Scar Revision, the 12–18 Month Rule, and Why Timing Matters in Washington Child Dog Bite Cases
When a dog bites a child and leaves a visible scar, the instinct of most families is to move through the legal process as quickly as possible. The injury was traumatic. The medical bills are real. Getting some form of resolution feels like it might help everyone move forward.
That instinct is understandable, but acting on it too quickly in scarring cases is one of the most common and costly mistakes families make. In Washington, the timing of how a child’s dog bite claim is handled — and specifically, when it is resolved — can be the single most significant factor in whether the family receives fair compensation.

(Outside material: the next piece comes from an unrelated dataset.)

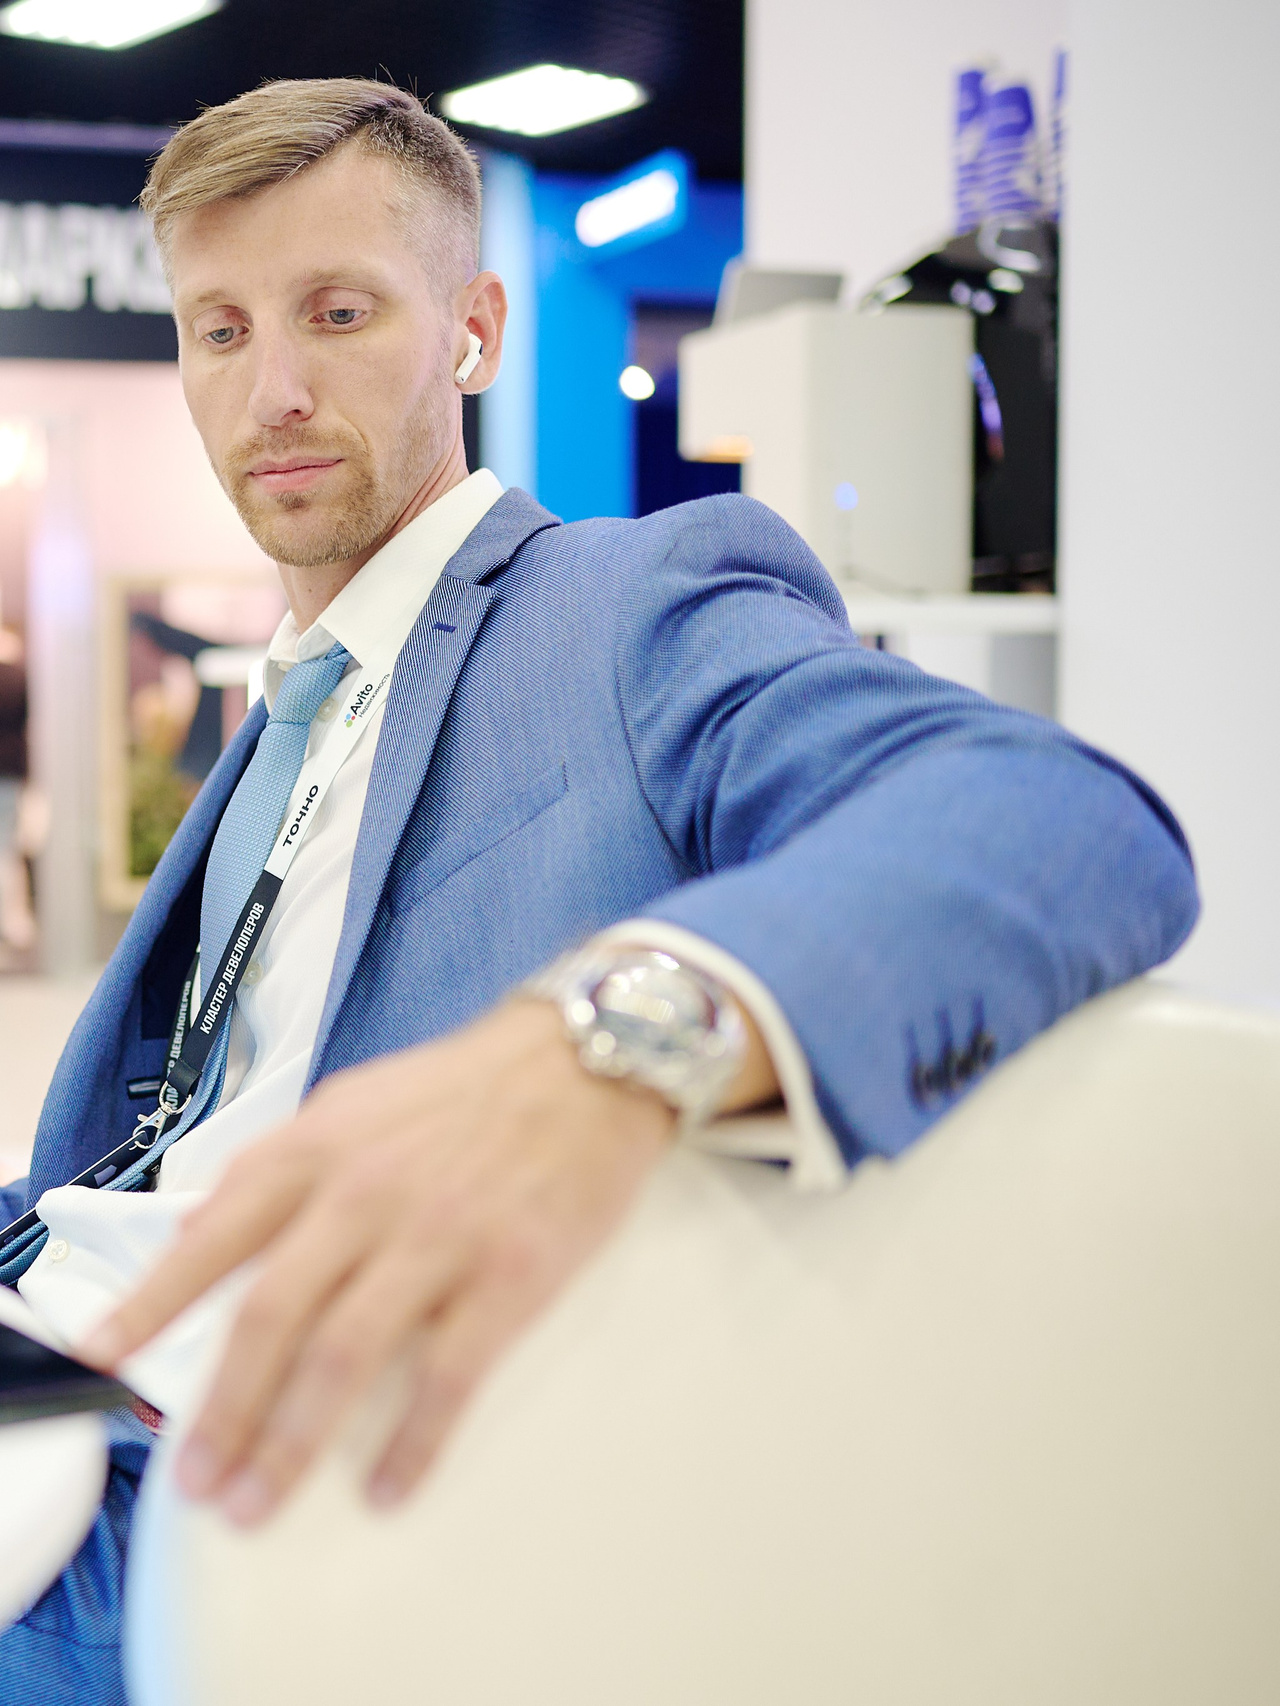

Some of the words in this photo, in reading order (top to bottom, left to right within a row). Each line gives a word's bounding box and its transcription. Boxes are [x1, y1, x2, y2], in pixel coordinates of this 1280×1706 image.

This article explains the medical reality of scar maturation, what Washington law offers families in terms of timing protection, and why patience, in these cases, is not just a virtue but a financial necessity.

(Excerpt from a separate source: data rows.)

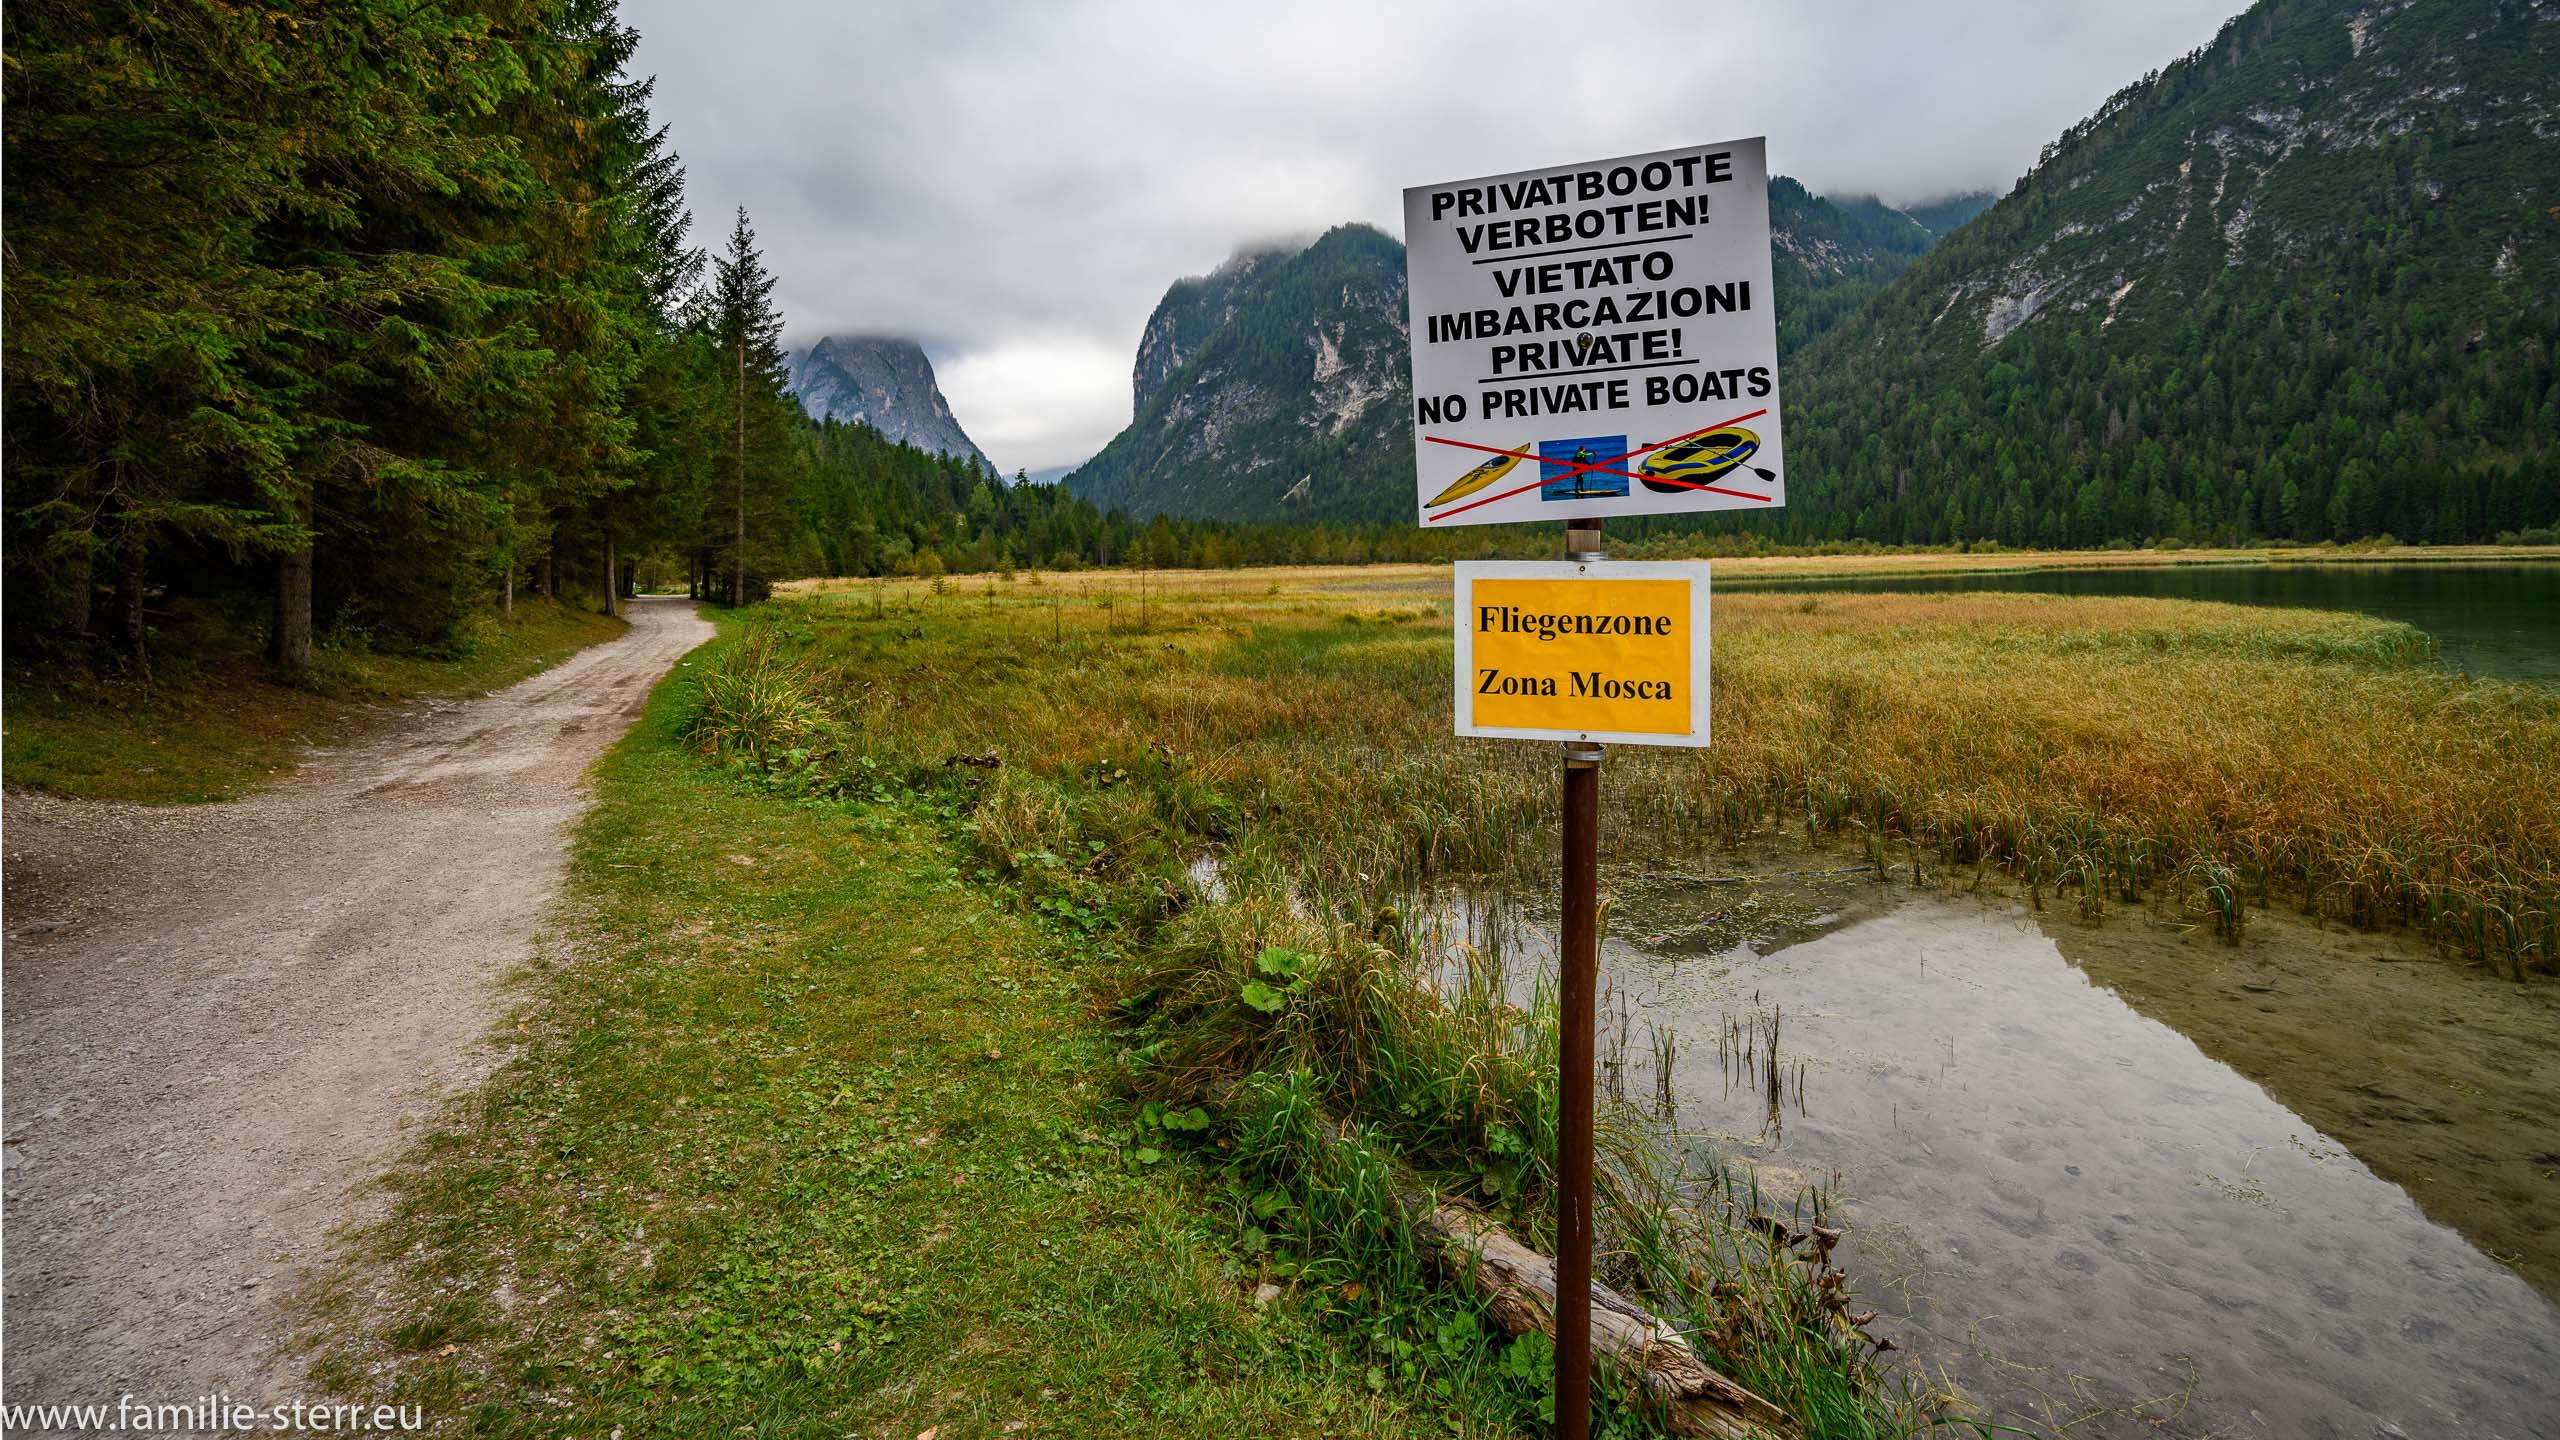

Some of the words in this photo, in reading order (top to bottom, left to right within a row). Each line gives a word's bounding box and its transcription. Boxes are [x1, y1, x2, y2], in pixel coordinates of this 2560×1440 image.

[1431, 152, 1733, 221] PRIVATBOOTE
[1456, 194, 1710, 254] VERBOTEN!
[1492, 251, 1674, 298] VIETATO
[1428, 281, 1751, 343] IMBARCAZIONI
[1492, 328, 1683, 375] PRIVATE!
[1418, 394, 1467, 426] NO
[1483, 379, 1630, 420] PRIVATE
[1645, 366, 1771, 407] BOATS
[1478, 606, 1672, 641] Fliegenzone
[1478, 669, 1558, 697] Zona
[1568, 671, 1673, 700] Mosca

The Medical Reality of Scar Tissue
A fresh dog bite wound looks nothing like it will six months later. And what it looks like at six months bears little resemblance to its final state.
Scar tissue undergoes a process of maturation that takes, at minimum, twelve months — and often closer to eighteen. During that window, the tissue continues to contract, reorganize, and change in color and texture. A scar that appears relatively mild at three months may tighten significantly as it contracts. One that looks severe immediately after the wound closes may soften and fade to something far less visible over time.
Until that maturation process is complete, no physician — including a board-certified plastic surgeon — can accurately assess the permanent cosmetic outcome. And without that assessment, no one can reliably calculate the cost of the future care the child will need.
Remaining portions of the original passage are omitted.